Saturday, June 15, 2024

Retail sales rise in September, but uncertainty continues

Consumers spent more than $35.8 billion across the country in September, according to seasonally adjusted figures released by the Australian Bureau of Statistics (ABS).

Australian retail turnover rose 0.9%, following rises of 0.3% in August and 0.6% in July. Year on year, retail sales increased 2%.

“The strong rise in September came from a diverse range of factors across the retail industry,” says ABS Head of Retail Statistics Ben Dorber.

“The warmer-than-usual start to spring lifted turnover at departments stores, household goods and clothing retailers, with more spending on hardware, gardening, and clothing items.

“Also adding a boost to turnover in household goods retailing was the release of a new iPhone model and the introduction of the Climate Smart Energy Savers Rebate program in Queensland.

“While the rise in September was the largest since January, subdued spending for most of 2023 means that underlying growth in retail turnover remains historically low. Retail turnover in trend terms is up only 1.5% compared to September 2022 – the smallest trend growth over 12 months in the history of the series.”

Food and takeaway

In terms of retail turnover, food retailing rose 1% following two consecutive monthly falls, while cafes, restaurants and takeaway was flat.

The most significant year-on-year sales increases, on the other hand, came from cafes, restaurants, and takeaway (up 6.1%) and food (up 3.5%).

“Food and takeaway again led the spending growth, and this is consistent with what we’ve seen all year – shoppers are prioritising the essentials in a cost-of-living crisis,” says Australian Retailers Association (ARA) CEO Paul Zahra.

Non-food retail

Department stores (up 1.7%) recorded the largest turnover rise of the non-food industries, followed by household goods retailing (up 1.5%), other retailing (up 1.3%), and clothing, footwear and personal accessory retailing (up 0.3%).

Year on year, other retailing (recreational, sporting goods, cosmetics) led the modest growth for discretionary categories (up 1.6%), followed by department stores, which rebounded from decline in August (up 1.3%) and clothing, footwear and accessories (up 1.1%).

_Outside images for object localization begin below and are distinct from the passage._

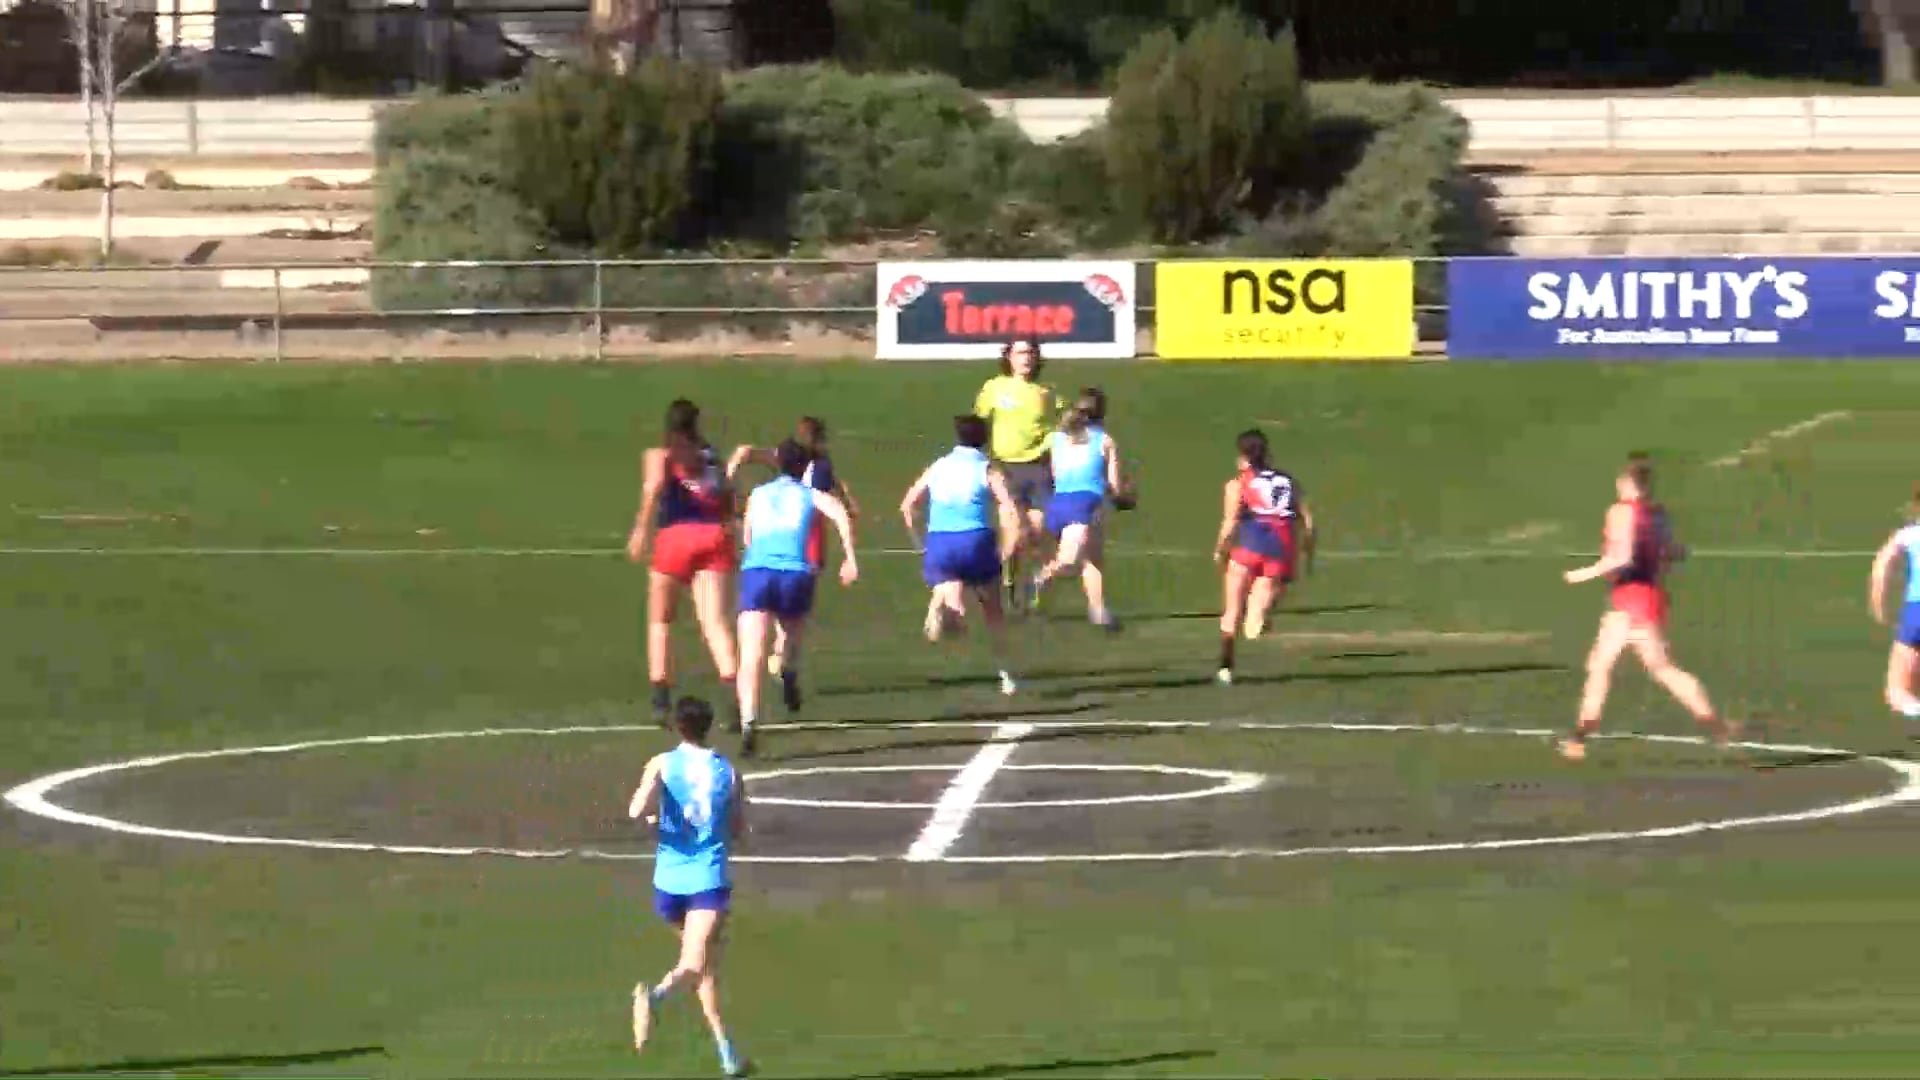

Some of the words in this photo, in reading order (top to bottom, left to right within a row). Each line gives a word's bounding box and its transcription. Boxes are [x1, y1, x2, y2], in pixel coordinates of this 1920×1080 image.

[941, 289, 1075, 334] Terrace
[1223, 269, 1345, 314] nsa
[1527, 265, 1809, 319] SMITHY'S
[1874, 269, 1920, 318] S
[1223, 324, 1346, 349] secury

Household goods again recorded a spending decline (down 4.4%), marking nine consecutive months of negative growth.

State breakdown

Retail turnover growth was up in all states and territories, led by Tasmania (1.8%). This was followed by NSW (1.3%), Victoria (1.2%), South Australia (1%), Queensland (0.5%), the Northern Territory (0.5%), the ACT (0.5%), and Western Australia (0.1%).

All states and territories recorded growth year-on-year, too, led by the ACT (up 4.3%). This was followed by SA (up 3.5%), WA (up 3.0%), Victoria (up 2.9%), NT (up 2.5%), NSW (up 1.7%), Tasmania (up 0.8%) and Queensland (up 0.1%).

Looking ahead

Mr Zahra says the Reserve Bank of Australia’s monetary decision on Melbourne Cup Day (7 November) will be “pivotal” to the success of retailers during the “most important” trading time of the year. The ARA urges the RBA to hold interest rates considering this.

“Discretionary retailers make up to two-thirds of their profits during the all-important Christmas period, so poor performance can be make-or-break particularly for small business,” says Mr Zahra.

“While much has been said about the cost-of-living crisis, retailers are also experiencing a cost of doing business crisis and will be concentrating on offering the best service and value for budget conscious shoppers as they lead into the all-important Christmas trading period.”